DETROIT — Wayne State University officially broke ground Thursday on a $93 million addition to its life science programs, the Multidisciplinary Biomedical Research Building.
The 200,000-square-foot building will be constructed around an existing 130,000-square-foot 1927 Albert Kahn structure at 6187 Woodward Ave. that formerly housed a Buick-Pontiac dealership.
Wayne State President Allen Gilmour noted that the building will provide a new northern gateway to the Wayne State campus, since it’s farther north on Woodward than anything else prominently displaying the Wayne State logo. And, he noted, that “if anyone wants to put their name on the building, that can be arranged,” presumably with a huge contribution.
The MBRB will provide space for about 500 researchers and staff and 68 principal investigators. It will include wet and dry laboratories, faculty offices and common areas, as well as clinical space.
Faculty members from across the university will populate the MBRB. The School of Medicine, the College of Engineering, the College of Liberal Arts and Sciences, the School of Social Work, and the Eugene Applebaum College of Pharmacy and Health Sciences will conduct research at the facility. Ninety-three percent of the structure will be occupied by Wayne State University, with the remaining 7 percent housing partners from the Henry Ford Health System, including its bone and joint research program and biomechanics motion laboratory.
It will be Wayne State’s first new biomedical research facility since the opening of the Eugene Applebaum College of Pharmacy and Health Sciences building in 2002 and the first since 1998 with accommodations for researchers from the School of Medicine.

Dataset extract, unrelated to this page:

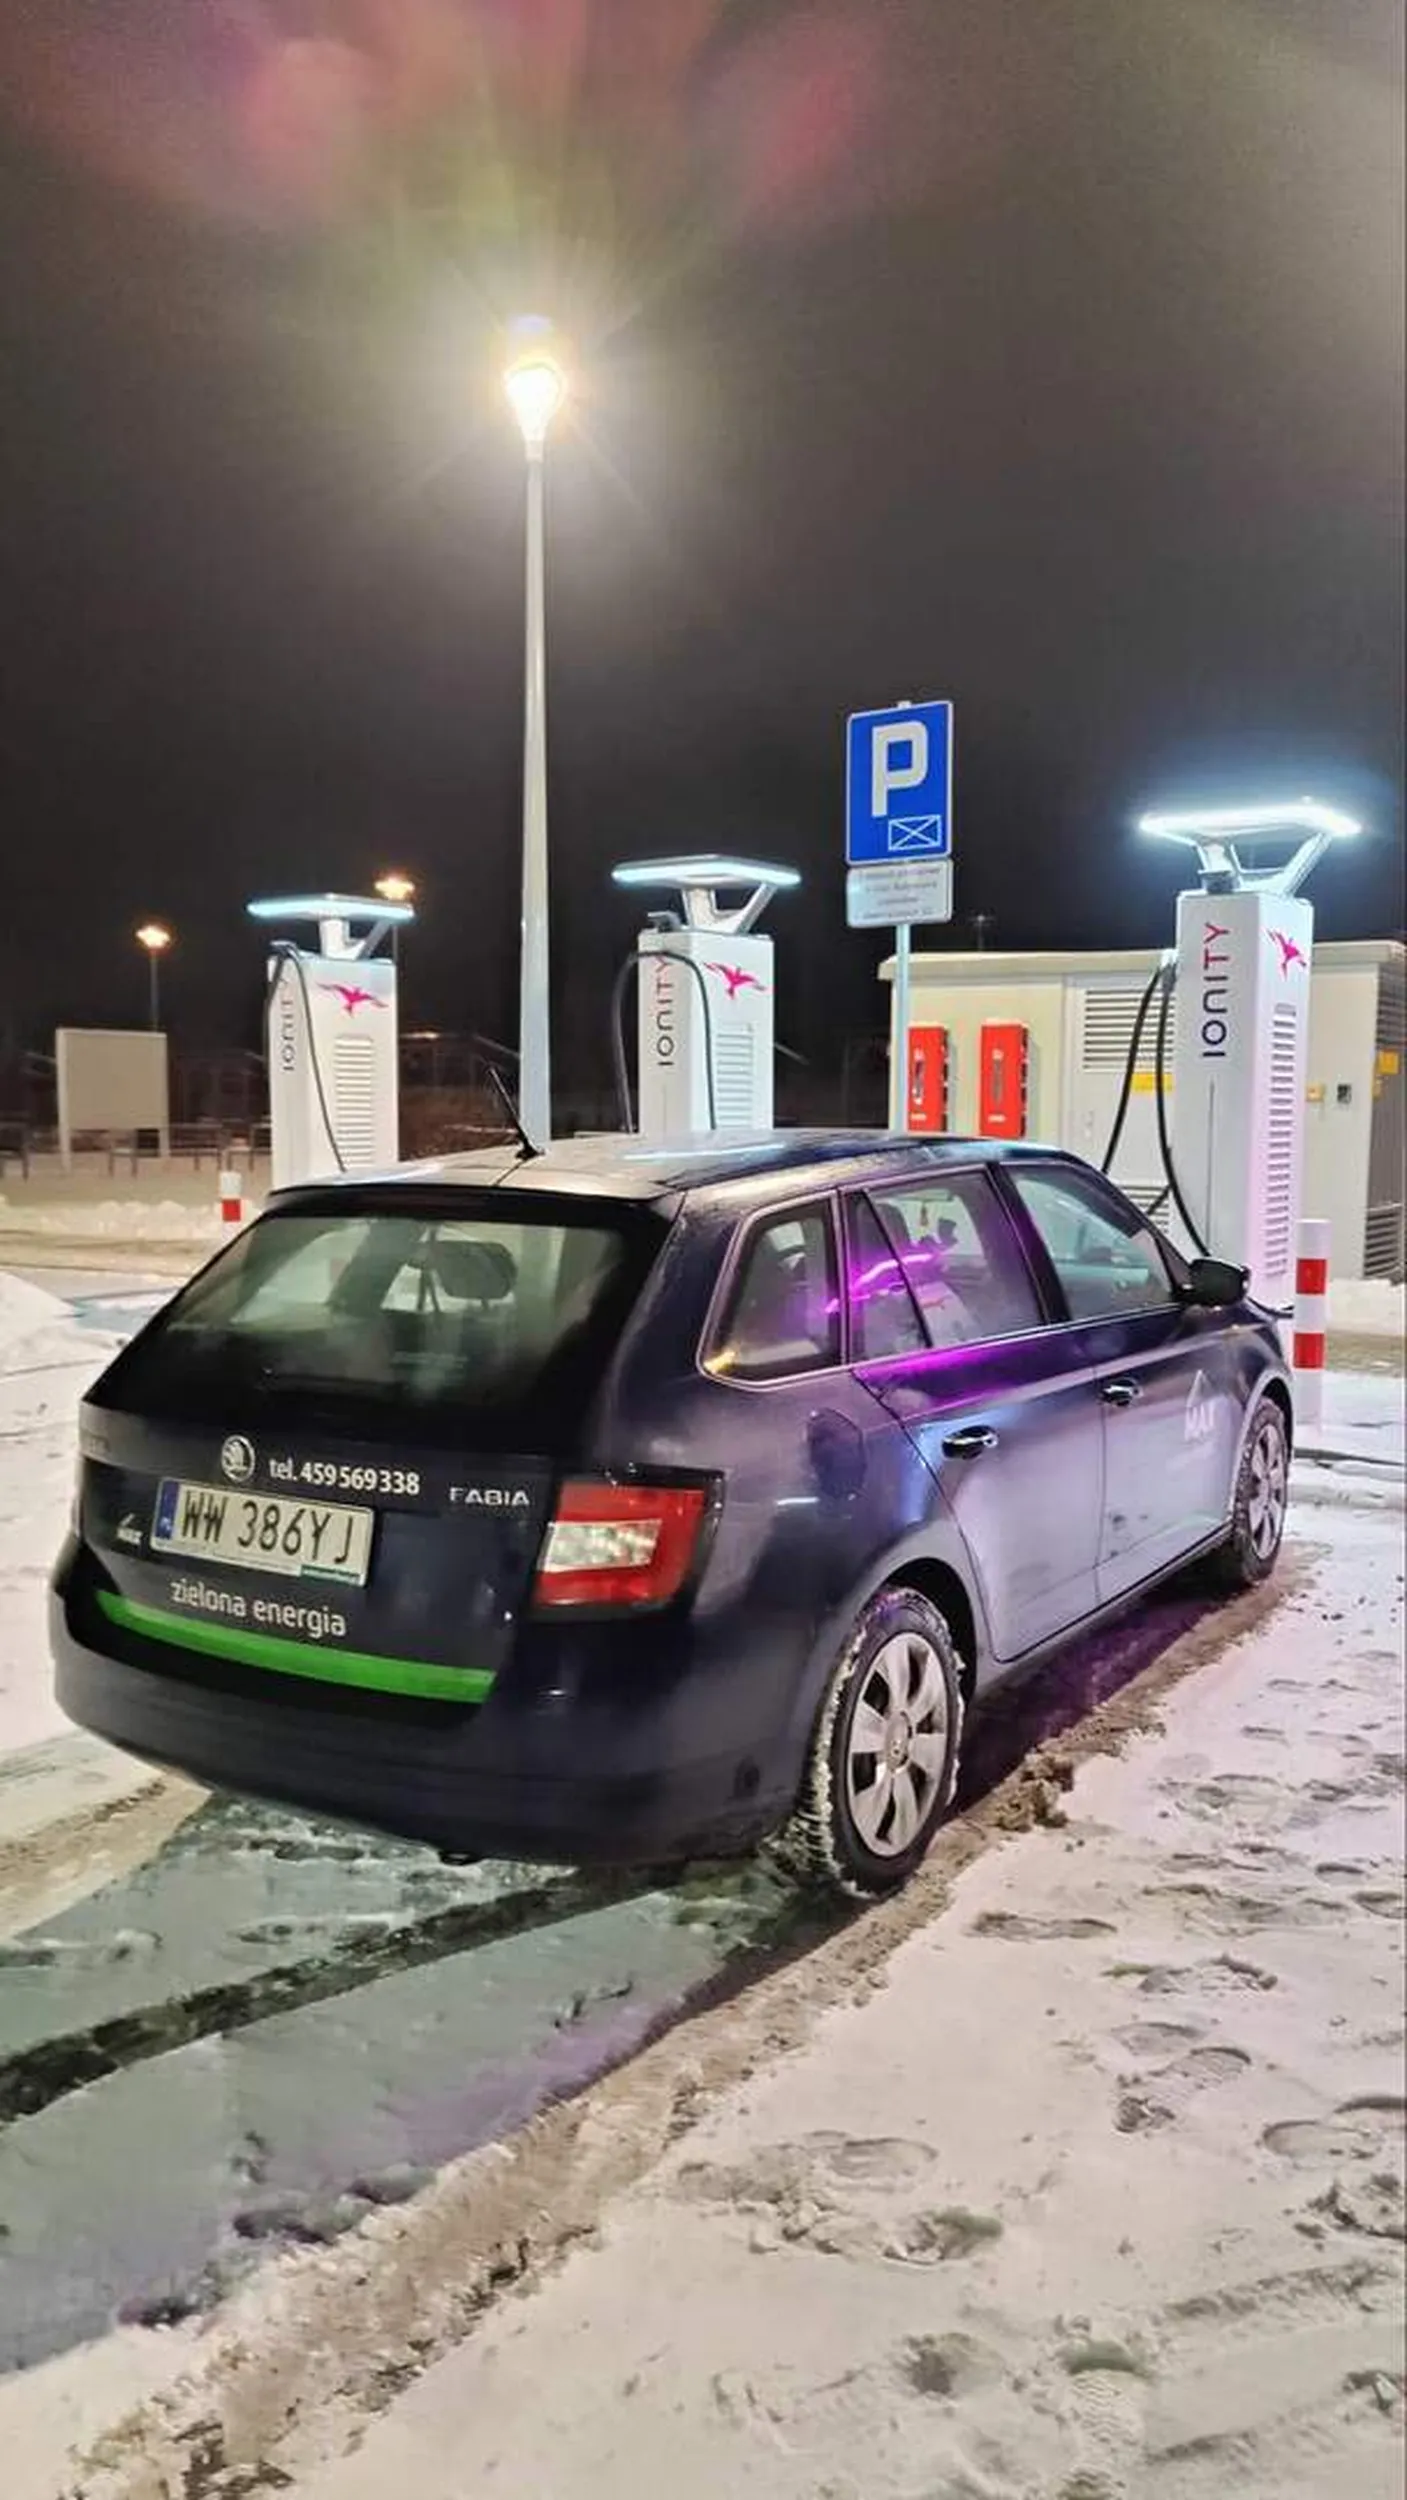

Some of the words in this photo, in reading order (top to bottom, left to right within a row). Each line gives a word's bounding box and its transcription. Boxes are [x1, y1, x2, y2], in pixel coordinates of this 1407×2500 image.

Research in the MBRB will be arranged into thematic areas — cardiovascular disease; metabolic disorders such as diabetes, hypertension and obesity; systems biology; biomedical engineering; bioinformatics and computational biology; and translational behavioral science.
A wide variety of Detroit dignitaries offered comments on the new building under a spectacular sunny sky and unseasonably warm temperatures in the upper 70s.
“This groundbreaking makes it clear that the premier urban research community in the country is Wayne State,” said U.S. Rep. Hansen Clarke, D-Detroit. “This building will be a magnet for federal research dollars that are going to save lives and create jobs here.”
Sylvie Naar-King, a professor and pediatric obesity researcher at the Wayne State School of Medicine, said the new building will allow better collaboration among researchers that are now in scattered buildings.
And Detroit Mayor David Bing said the building was “an important point as Detroit transitions from manufacturing to eds and meds,” a reference to educational and medical employment.